Women's History Month - Professor Dame Parveen Kumar DBE
The eighth pioneer of our Women’s History Month campaign is Professor Dame Parveen Kumar DBE, BSc, MD, DM, DSc, DEd, FRCP, FRCPE, FRCPI, FRCPG, FRCPath, FIMA, FICG (Medicine MBBS, 1966), Emerita Professor of Medicine and Education at Barts and the London School of Medicine and Dentistry.
Parveen came to England from India in her early teenage years. She qualified at Bart’s medical college, when there were very few women in her year. She trained as a gastroenterologist under Sir Anthony Dawson and Dr Michael Clark at Barts Hospital. She is a physician and gastroenterologist, teacher, examiner for undergraduate and post graduate degrees in the UK and abroad. She is the co-founder and author of, ‘Kumar and Clark's Clinical Medicine’, a textbook used worldwide. She is currently on many national committees and charities (including Bart’s charity) and is ambassador to the UK Health Alliance for Climate Change. She has championed the role of women in medicine and has also tried to help ethnic minorities and refugees to achieve their goals.
She has been President of the British Medical Association, the Royal Society of Medicine, the Medical Women’s Federation, the Royal Medical Benevolent Fund, and Vice President of the Royal College of Physicians. She chaired the Medicines Commission UK and was a founding non-executive Director of the National Institute of Clinical Excellence (NICE).
Parveen [pictured third from the left, back row] was Player and President of the Barts and The London Hockey Team.

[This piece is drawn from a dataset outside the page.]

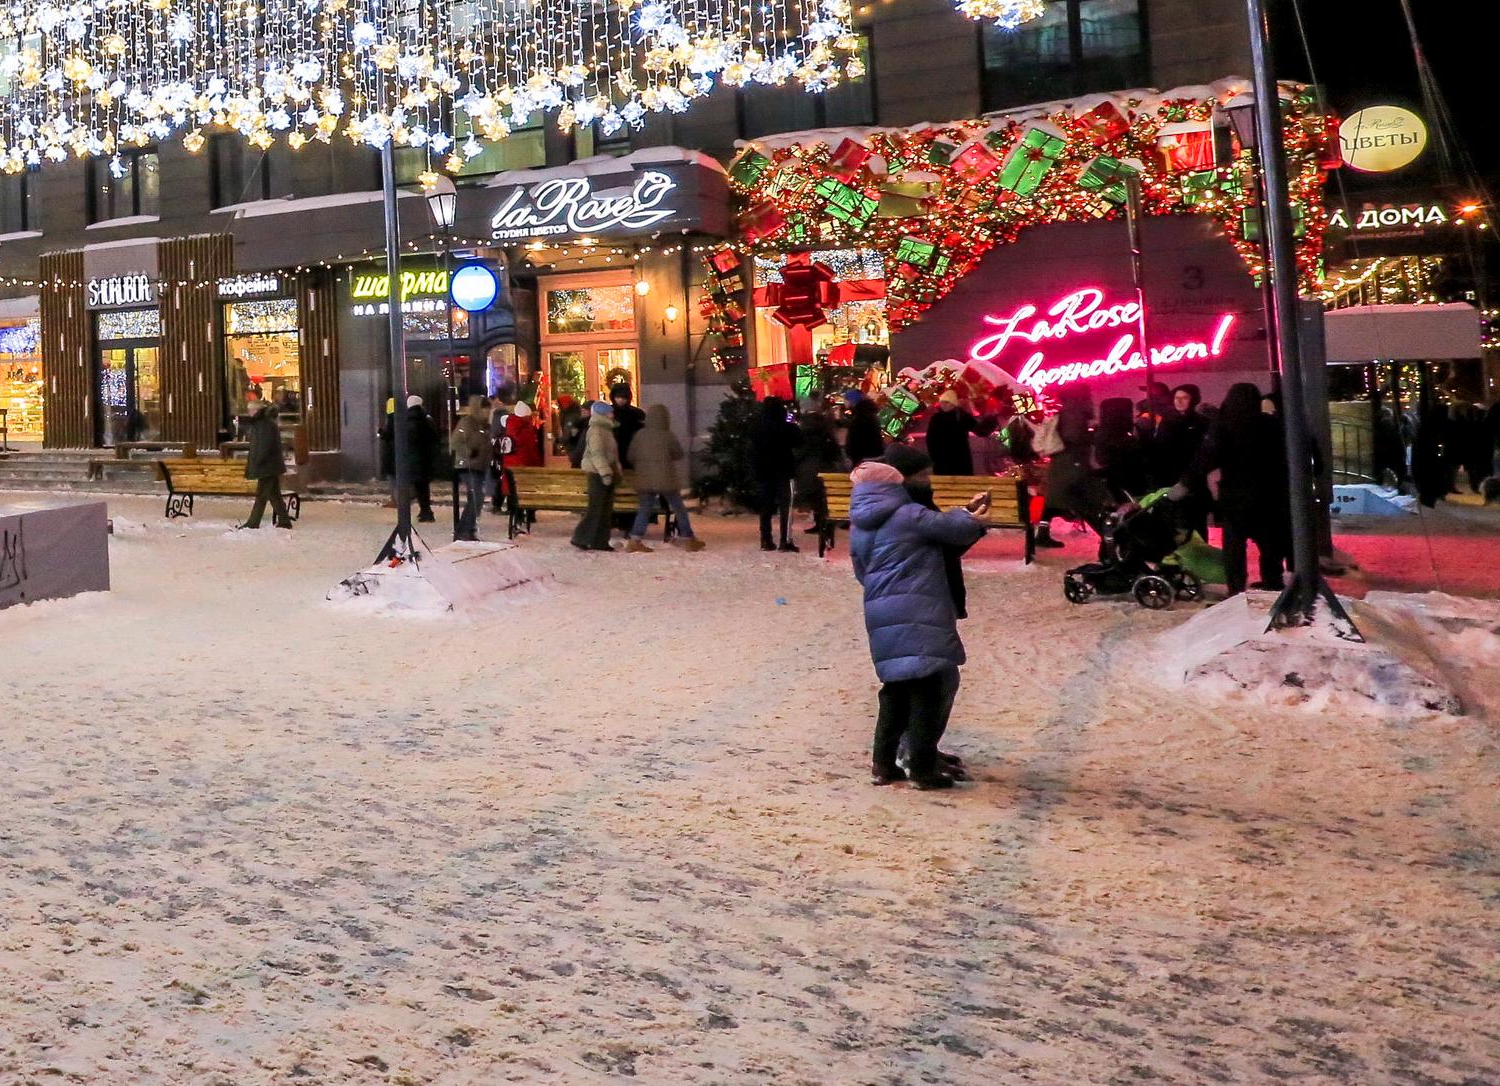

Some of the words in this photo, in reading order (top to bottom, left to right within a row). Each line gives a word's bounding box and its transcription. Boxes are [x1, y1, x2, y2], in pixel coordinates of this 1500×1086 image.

She won the first Asian Woman of the year (professional) in 1999. She has given the named Elizabeth Blackwell lecture at the institute in Bristol, and the Elizabeth Garrett Anderson lecture at the Worshipful society of Apothecaries. She was awarded CBE in 2000, and DBE (Dame Commander of the British Empire) in 2017 by Her Majesty the Queen. She has been a recipient of many honorary degrees and prizes. The latter include a Lifetime achievement award from BAPIO (British Association of Physicians of Indian Origin) and the BMJ Excellence award for ‘Outstanding contribution to health’ in 2019. She was also featured in the book ’99 immigrants who made Britain Great’.

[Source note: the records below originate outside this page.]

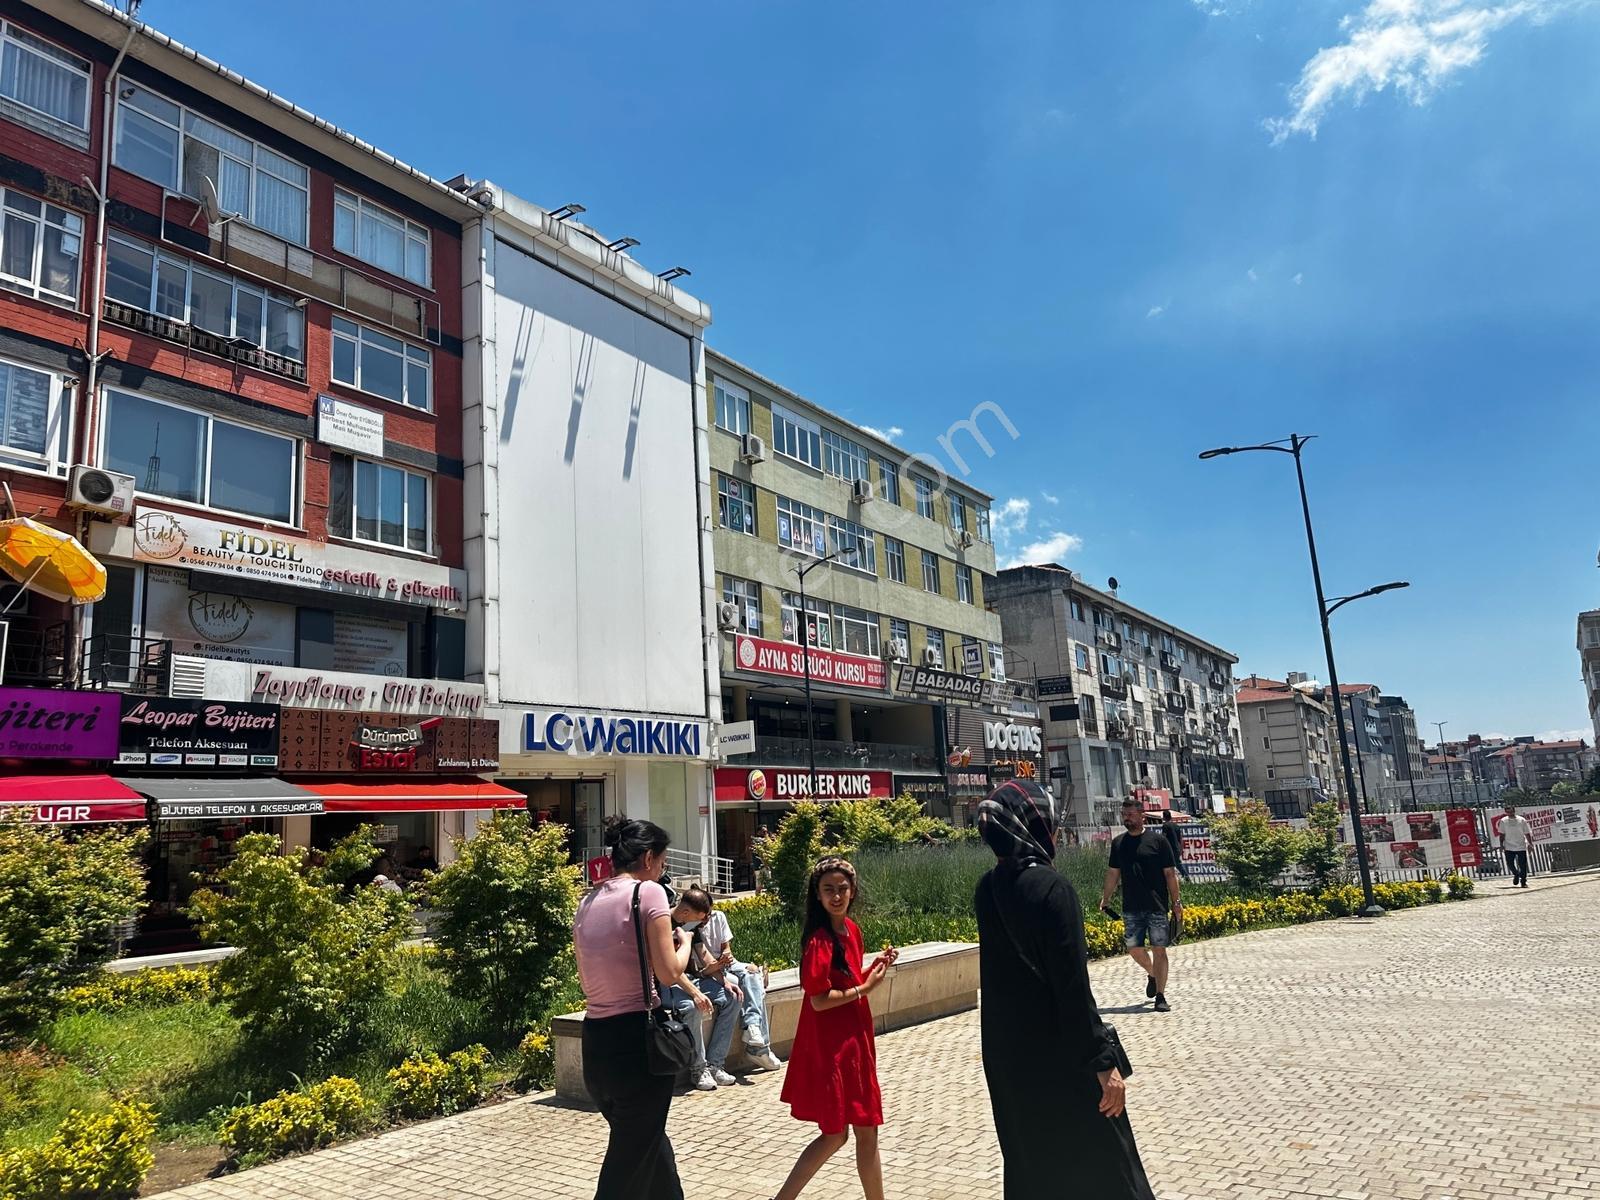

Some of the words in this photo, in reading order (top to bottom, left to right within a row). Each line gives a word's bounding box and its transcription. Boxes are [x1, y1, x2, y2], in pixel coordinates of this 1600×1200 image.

[321, 414, 346, 425] Serbest
[219, 529, 303, 564] FİDEL
[189, 558, 205, 566] 0546
[205, 560, 218, 569] 477
[226, 563, 235, 571] 04
[260, 569, 273, 577] 474
[272, 571, 280, 579] 94
[280, 572, 287, 580] 04
[193, 546, 234, 560] BEAUTY
[250, 556, 286, 570] TOUCH
[288, 563, 324, 576] STUDIO
[323, 568, 382, 589] estetik
[387, 578, 398, 592] &
[401, 580, 463, 603] güzellik
[205, 643, 250, 656] Fidelbeautyts
[759, 647, 789, 671] AYNA
[791, 650, 832, 679] SÜRÜCÜ
[835, 661, 866, 683] KURSU
[253, 671, 365, 704] Zayıflama
[420, 684, 483, 710] Bakımı
[916, 671, 981, 694] BABADAĞ
[122, 701, 198, 729] Leopar
[204, 705, 277, 732] Bujiteri
[147, 737, 192, 749] Telefon
[361, 728, 418, 744] Dürümcü
[524, 712, 574, 753] LC
[720, 736, 728, 744] LC
[984, 718, 1042, 758] DOĞTAŞ
[9, 741, 73, 752] Perakende
[361, 745, 417, 769] Esnaf
[123, 754, 146, 763] iPhone
[438, 758, 470, 768] Zırhlanmış
[471, 758, 479, 767] Et
[777, 773, 835, 796] BURGER
[838, 774, 871, 795] KING
[206, 805, 246, 815] TELEFON
[250, 805, 256, 813] &
[260, 803, 323, 813] AKSESUARLARI

There are many other women in the distant, as well as recent, past who have pushed the barriers to succeed in their ambitions. We are now accepted for what we stand for and who we are, rather than being ‘just women’. However, there is still some way to go!
In her own words, Parveen reflects on the key milestones throughout Women's History that have inspired her:
"We stand on the shoulders of brave women who have made it possible for us to achieve our ambitions. As a schoolgirl I was inspired by Florence Nightingale (1820-1910) and Mary Seacole (1805-1881). They both pioneered innovative systems and proper nursing in the Crimean war military hospitals to care for the wounded and dying solders. Their sheer determination in getting much needed medical supplies and careful nursing improved the survival of soldiers. Florence Nightingale made nursing a respectable profession for women and Mary Seacole overcame the double prejudice of also being a woman of mixed race.
The early female doctors who inspired me most in their fight for acceptance into the medical profession were Elisabeth Blackwell, the first female doctor who qualified in America, and Elizabeth Garrett Anderson (1836-1917) in England. There was another lady who spent her life disguised as a man (James Barrie) to enable her to achieve her ambition of qualifying as a doctor. She fought in wars as a doctor and was only found out to be a woman when she died. Elizabeth Garrett, after many failed applications to medical schools, was accepted as ‘E Garrett’ by the Apothecaries, as the name sounded that of a man. She refused to leave when they realised their mistake, but still underwent a lot of stigma through her student days. They all had remarkable lives and their sheer determination enabled them to overcome many obstacles set in their way.
There are many other women in the distant, as well as recent, past who have pushed the barriers to succeed in their ambitions. We are now accepted for what we stand for and who we are, rather than being ‘just women’. However, there is still some way to go!"